_THE TASK_
If you see a picture in the data below, omit it and copy the rest exactly.

Segment Start: DATA PROVIDED

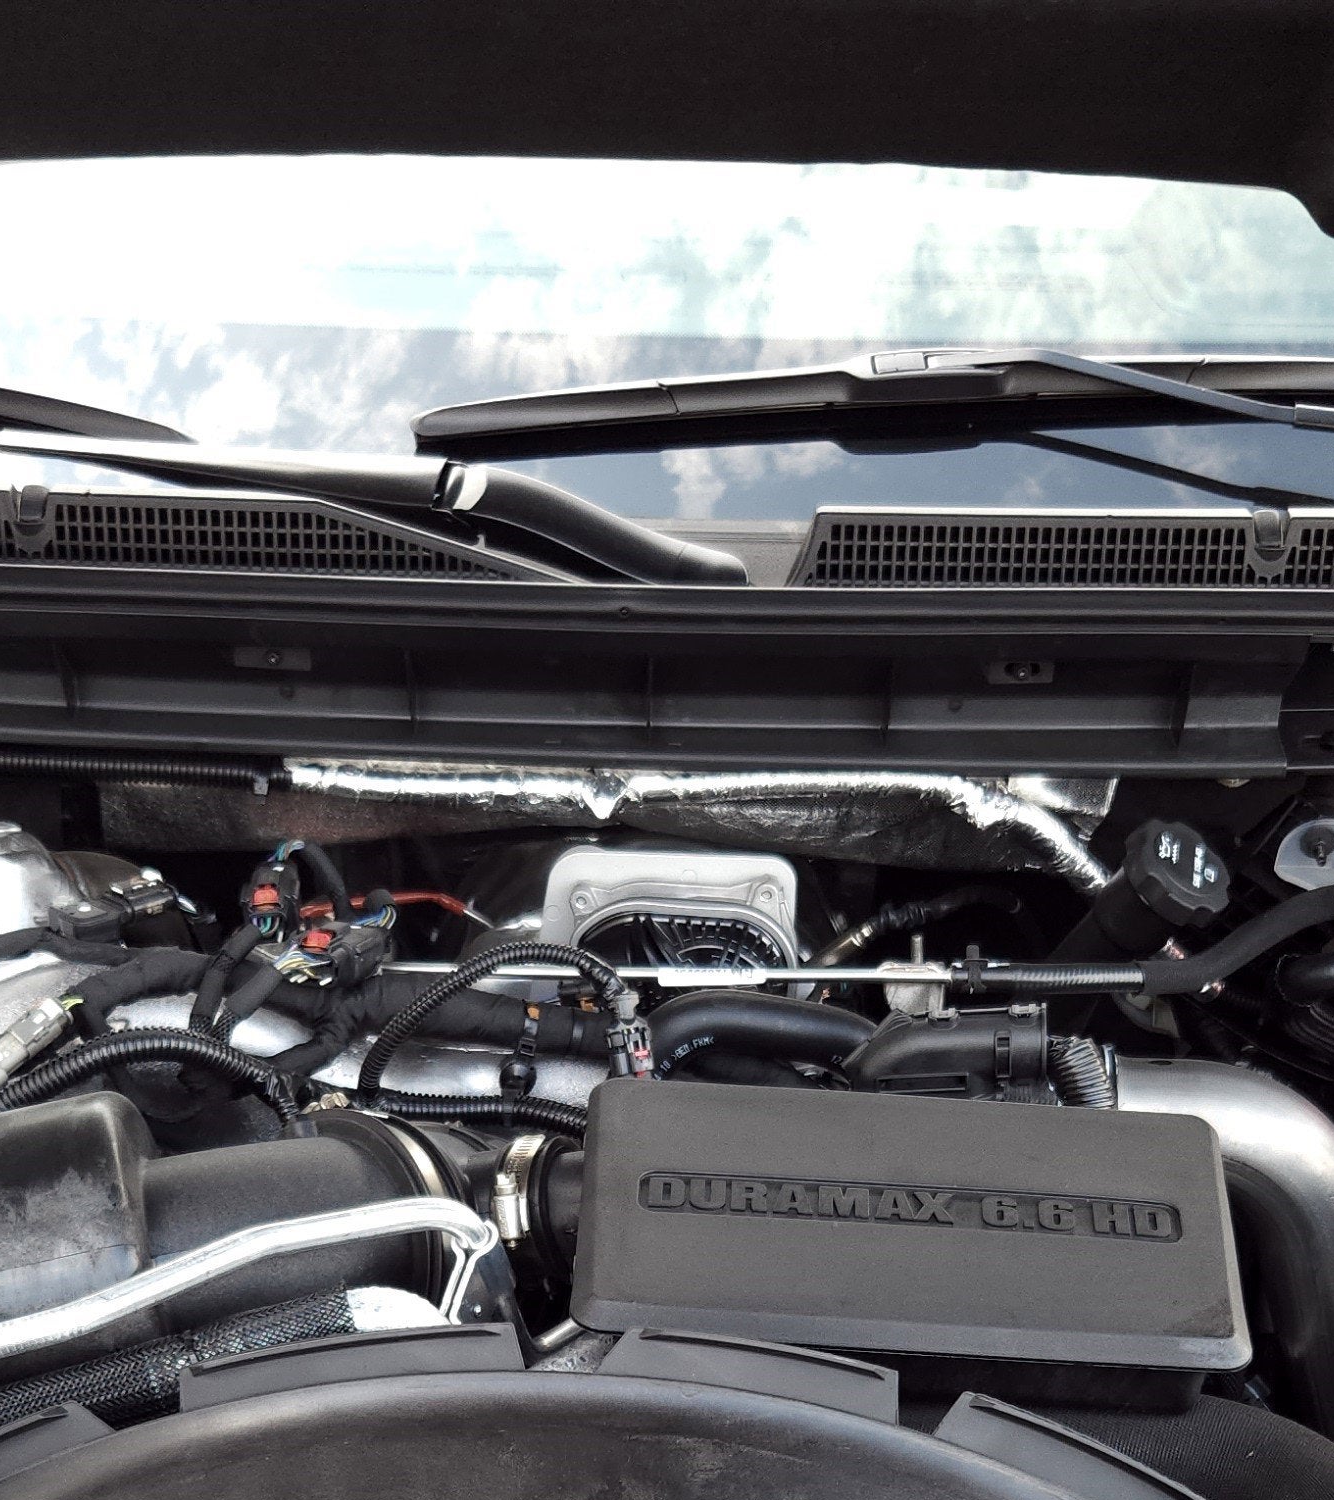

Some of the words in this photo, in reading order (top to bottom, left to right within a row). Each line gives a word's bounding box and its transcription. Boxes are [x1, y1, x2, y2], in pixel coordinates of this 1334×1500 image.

[646, 1176, 954, 1224] DURAMAX
[981, 1195, 1074, 1231] 6.6
[1090, 1203, 1171, 1238] HD
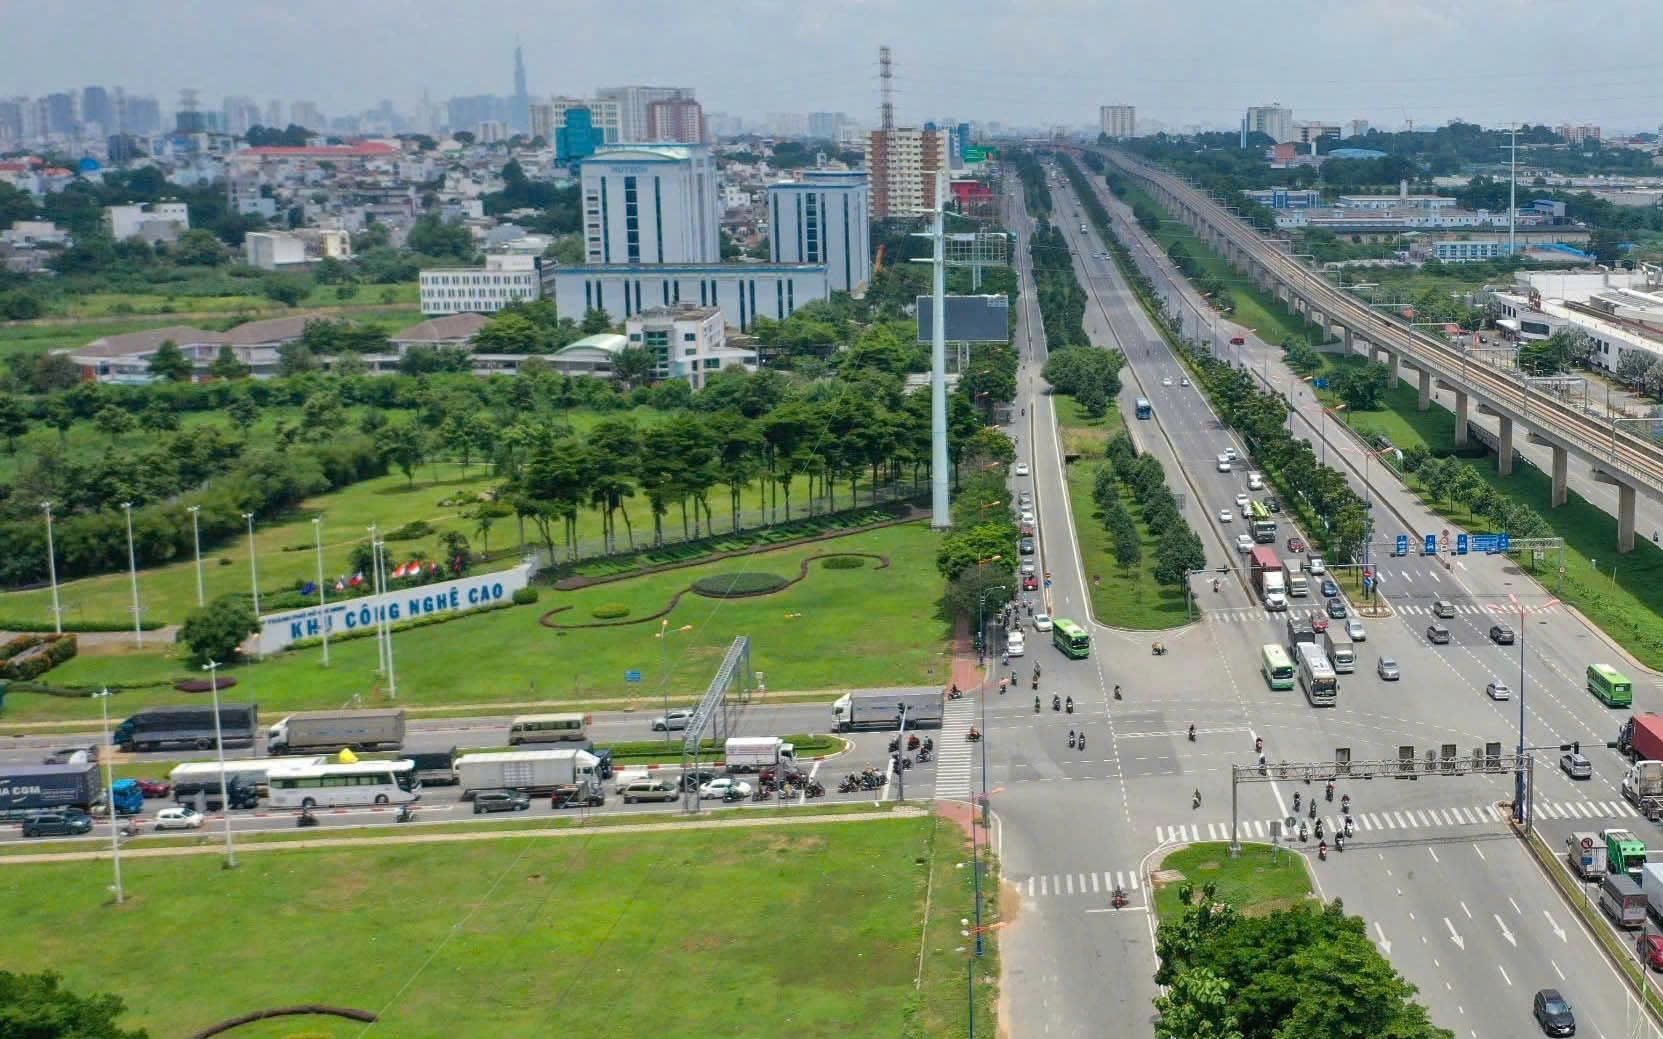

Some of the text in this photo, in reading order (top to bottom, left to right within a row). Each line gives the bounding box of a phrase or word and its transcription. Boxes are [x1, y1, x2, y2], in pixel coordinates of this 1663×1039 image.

[291, 615, 333, 639] KHU
[345, 603, 399, 628] CÔNG
[468, 583, 503, 604] CAO

Segment End: DATA PROVIDED

_RESPONSE AREA_
Some of the words in this photo, in reading order (top to bottom, left to right within a row). Each line gives a word's bounding box and its transcription. Boxes are [x1, y1, x2, y2], in pixel coordinates of this 1334×1500 image.

[646, 1176, 954, 1224] DURAMAX
[981, 1195, 1074, 1231] 6.6
[1090, 1203, 1171, 1238] HD

Some of the text in this photo, in reading order (top to bottom, left to right within a row). Each line gives the bounding box of a phrase or word and its transcription. Boxes are [x1, y1, x2, y2], in pixel coordinates of this 1663×1039 image.

[291, 615, 333, 639] KHU
[345, 603, 399, 628] CÔNG
[468, 583, 503, 604] CAO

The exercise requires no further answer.